Data section
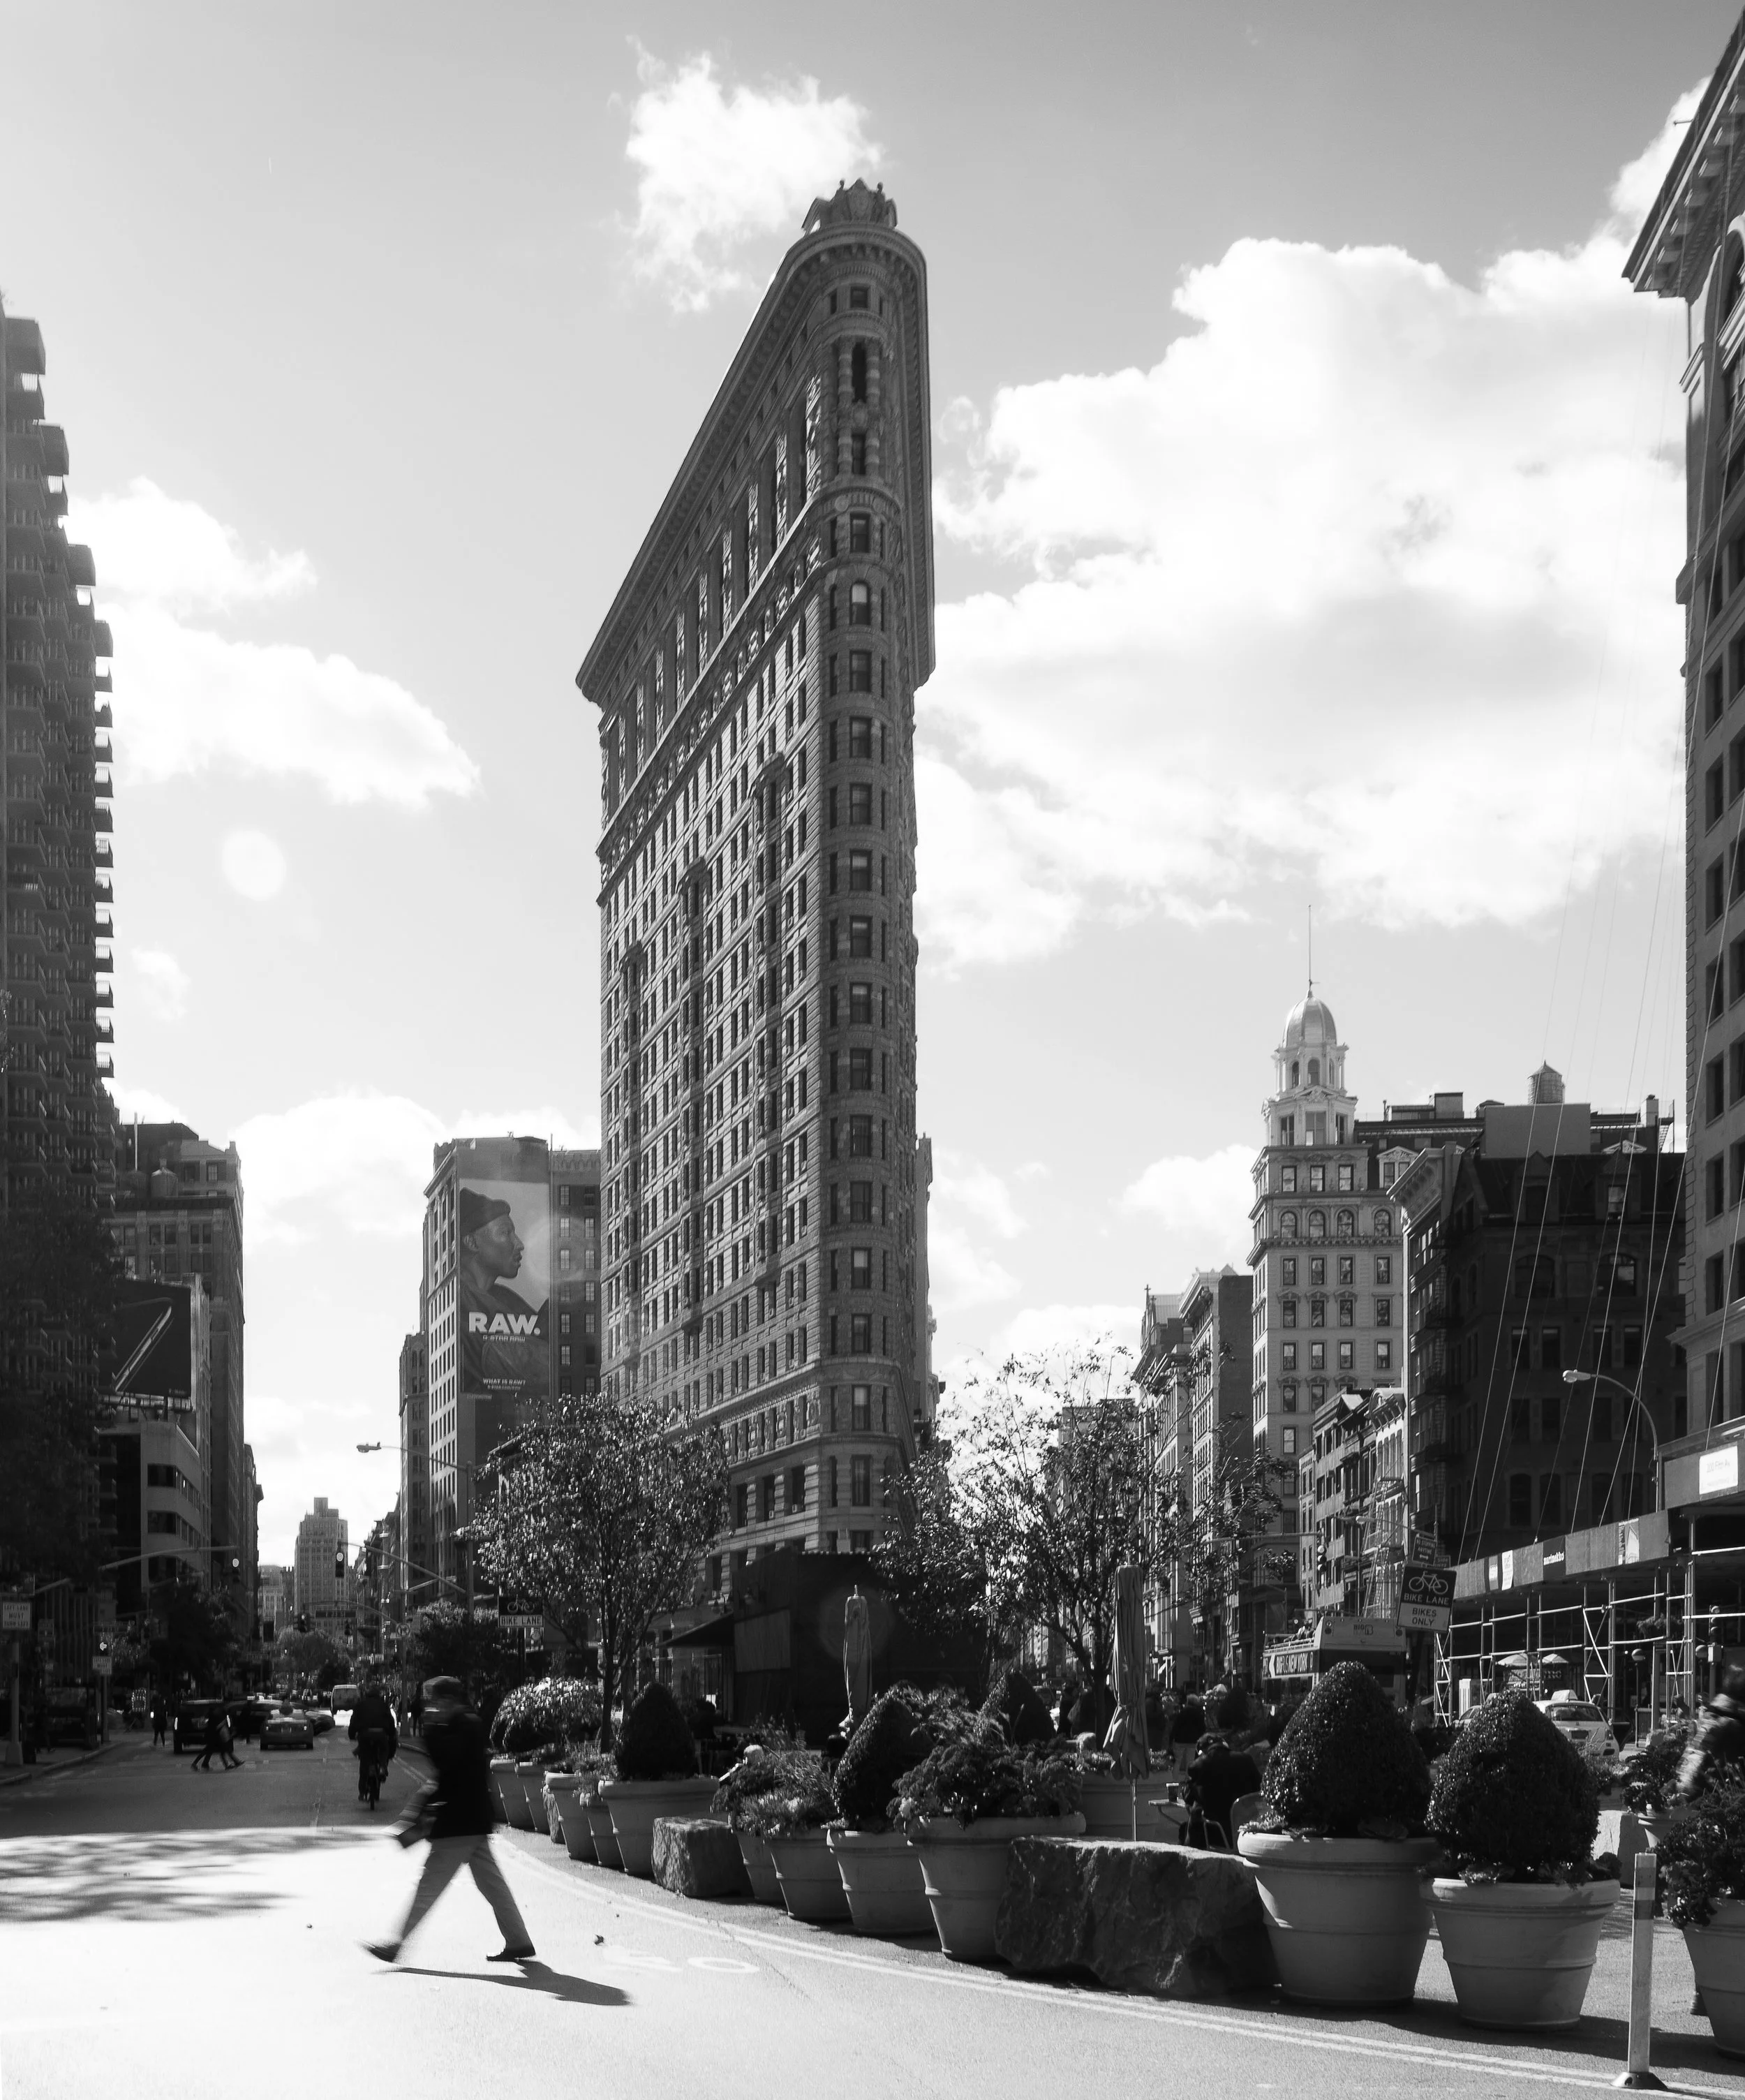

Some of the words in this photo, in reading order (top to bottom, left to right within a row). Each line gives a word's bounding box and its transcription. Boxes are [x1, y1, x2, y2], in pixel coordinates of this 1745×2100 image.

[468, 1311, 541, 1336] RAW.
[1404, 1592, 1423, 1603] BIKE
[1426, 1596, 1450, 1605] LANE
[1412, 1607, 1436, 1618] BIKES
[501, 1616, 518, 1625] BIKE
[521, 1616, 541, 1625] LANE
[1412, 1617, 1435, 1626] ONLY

Instructions to follow
Print out the material word for word, omitting the pictures.

Output below
Some of the words in this photo, in reading order (top to bottom, left to right within a row). Each line gives a word's bounding box and its transcription. Boxes are [x1, y1, x2, y2], in pixel coordinates of this 1745×2100 image.

[468, 1311, 541, 1336] RAW.
[1404, 1592, 1423, 1603] BIKE
[1426, 1596, 1450, 1605] LANE
[1412, 1607, 1436, 1618] BIKES
[501, 1616, 518, 1625] BIKE
[521, 1616, 541, 1625] LANE
[1412, 1617, 1435, 1626] ONLY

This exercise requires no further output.